I grew up in Poland, always with a brush in hand. I displayed early talent when as a 7-year old I was able to realistically sketch a pair of hiking shoes.


I remember drawing on the floor with my then-best friend at the age of probably 8.


My parents supported my interest in art and sent me to a whole bunch of different classes and courses, bought me books, and invested in art materials.


One memory that I remember was when I brought my second ever oil painting to my art teacher in primary school with a nicely painted still life in violet, and she looked at it... and said. It would look better in a frame. I was 8. It made such an impact on me that only a few years ago I was able to really change the meaning I gave to that event.


I continued painting and making. At the age of 10, my family and I moved to a different city. It broke all my childhood friendships so I had to start rebuilding them again.


I make friends easily, I'm not attached. I learned to be ok on my own when a group of friends rejected me when I wrote a boy's name in my notebook. The boy that the leader girl liked too. I was excluded from hanging out for probably 6 months. That, for a long time, made me the friend who waits for others to reach out to hang out for all those rejected requests.


Eventually, they started talking to me again and we continue to be close friends to this day. This event has had a big impact on my future friendships though.

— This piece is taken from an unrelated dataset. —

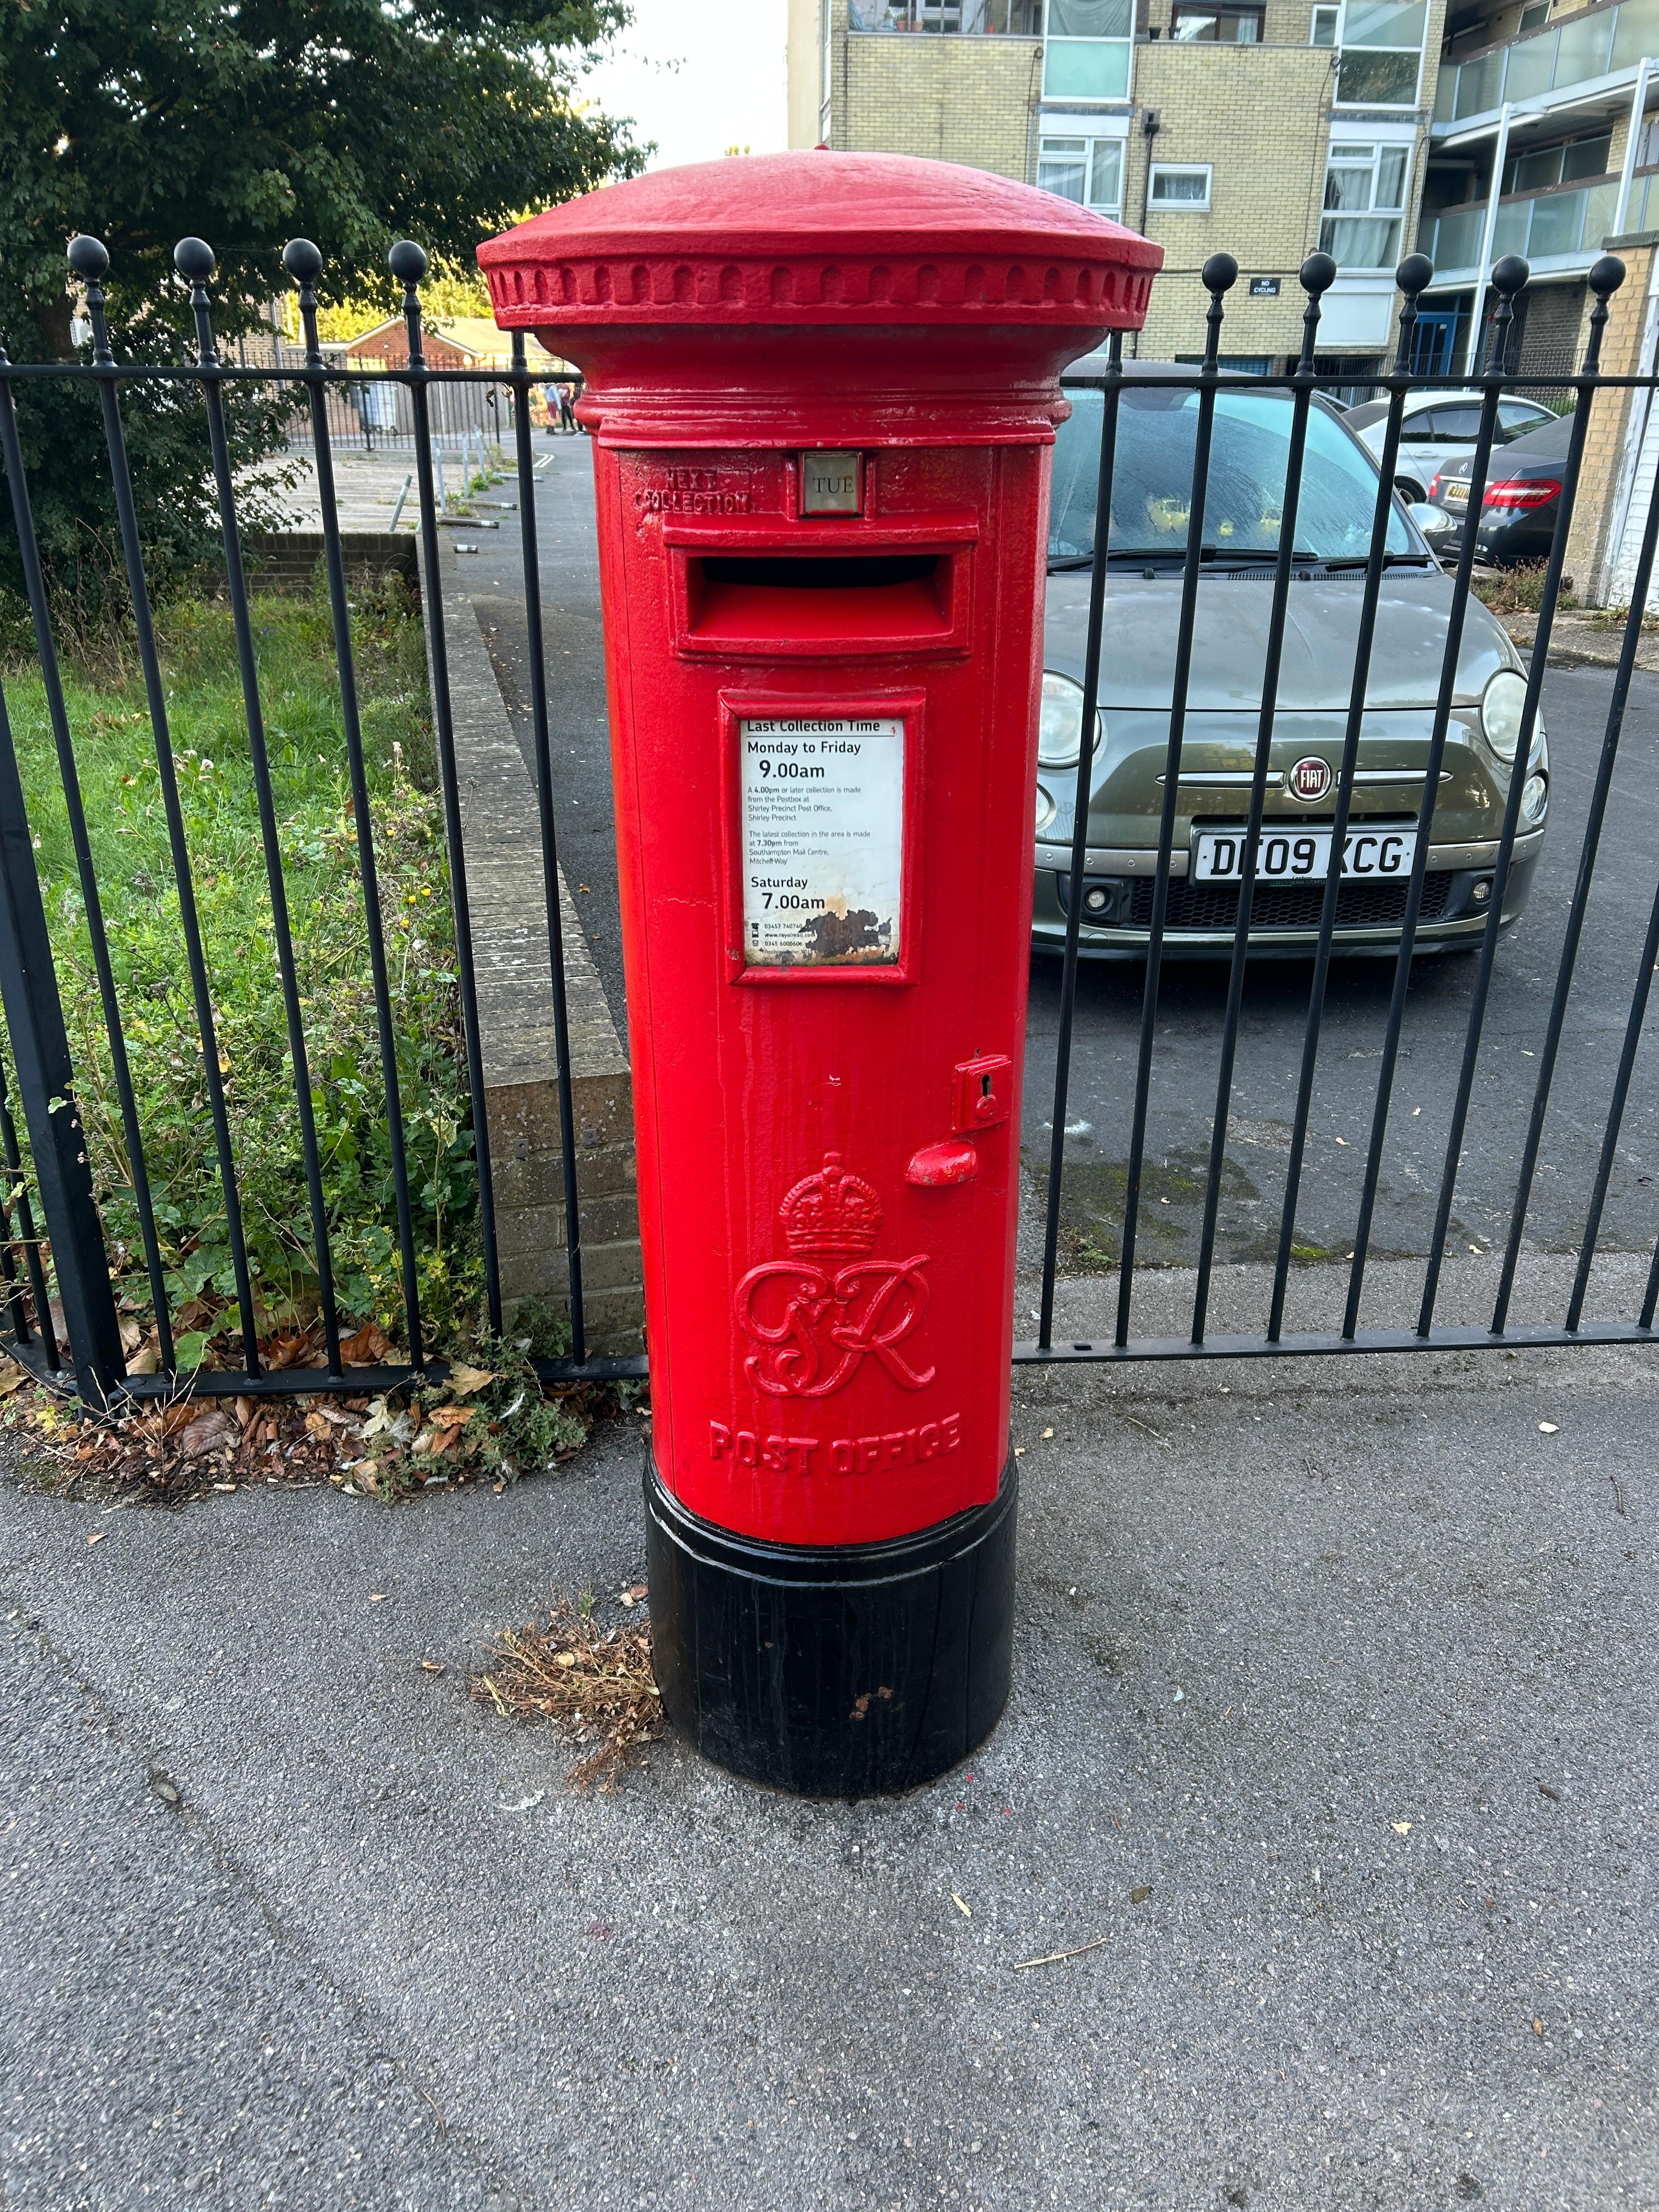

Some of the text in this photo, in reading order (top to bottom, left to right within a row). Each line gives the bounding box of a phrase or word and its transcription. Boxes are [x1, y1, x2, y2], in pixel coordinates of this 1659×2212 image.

I'm not sure how it impacted my art. I have no recollection of it. I certainly didn't draw dark stuff, I never did, nor do I remember stopping. Even though I know that I prefer to paint when I'm happy. When I'm sad I don't tend to paint and often when I do, it's impatient and crap.


In high school, I attended a 3-year afterschool art school. I used to take a 40 min bus ride to get there and back, often in absolutely freezing cold. -10 -15 wasn't uncommon. But I loved the classes. We did still nature sketching, oil painting, concept drawing, clay sculpture, and painting on metal.


I was one of the few who finished the whole curriculum and the hours and hours of sketching draped fabrics, still-lifes and human figures on 70x100cm paper gave me the observational skills and eye-hand coordination that serves as a basis of my artistic skills. It's not just talent. It's practice practice practice. It was back then when I raked up most of my 10.000 hours.


Uni days


Having one year left before my SATs, I started wondering where to go to uni. Naturally, I considered art school but the practicalities and bad rep of such degrees, as well as my math skills, meant that I was encouraged to check out architecture as a potential path. I visited the faculty and quite liked the architectural drawings, maquettes, and prospects of the degree so I signed up for a drawing test preparatory course.


One year more of traveling in the freezing bus, this time in the other direction, to attend specialised architectural sketching and perspective courses, I learned how to draw buildings, from nature and imagination. I draw upon those perspective skills even when I paint loose abstract landscapes.


Architecture school was interesting. A new city, living with mates and not family, a whiff of independence and a lot of homework and work. This was definitely a faculty where you couldn't just study at the end to pass. It was intense but manageable.


During the second year was probably when I started feeling like 'I don't think architecture is right for me '. I enjoyed it but... I didn't really feel it. It was stimulating, but not really my thing. But I've signed up for 5 years of it. So I stayed. I didn't want to 'lose the time and start again' wow was I short-sighted!


Luckily I was able to go to Spain for Erasmus for a year to break it up a bit. I did a 3d modeling class and a painting class, Spanish classes and traveled around quite a bit. Those were the times where sometimes you could still get $1 flight tickets!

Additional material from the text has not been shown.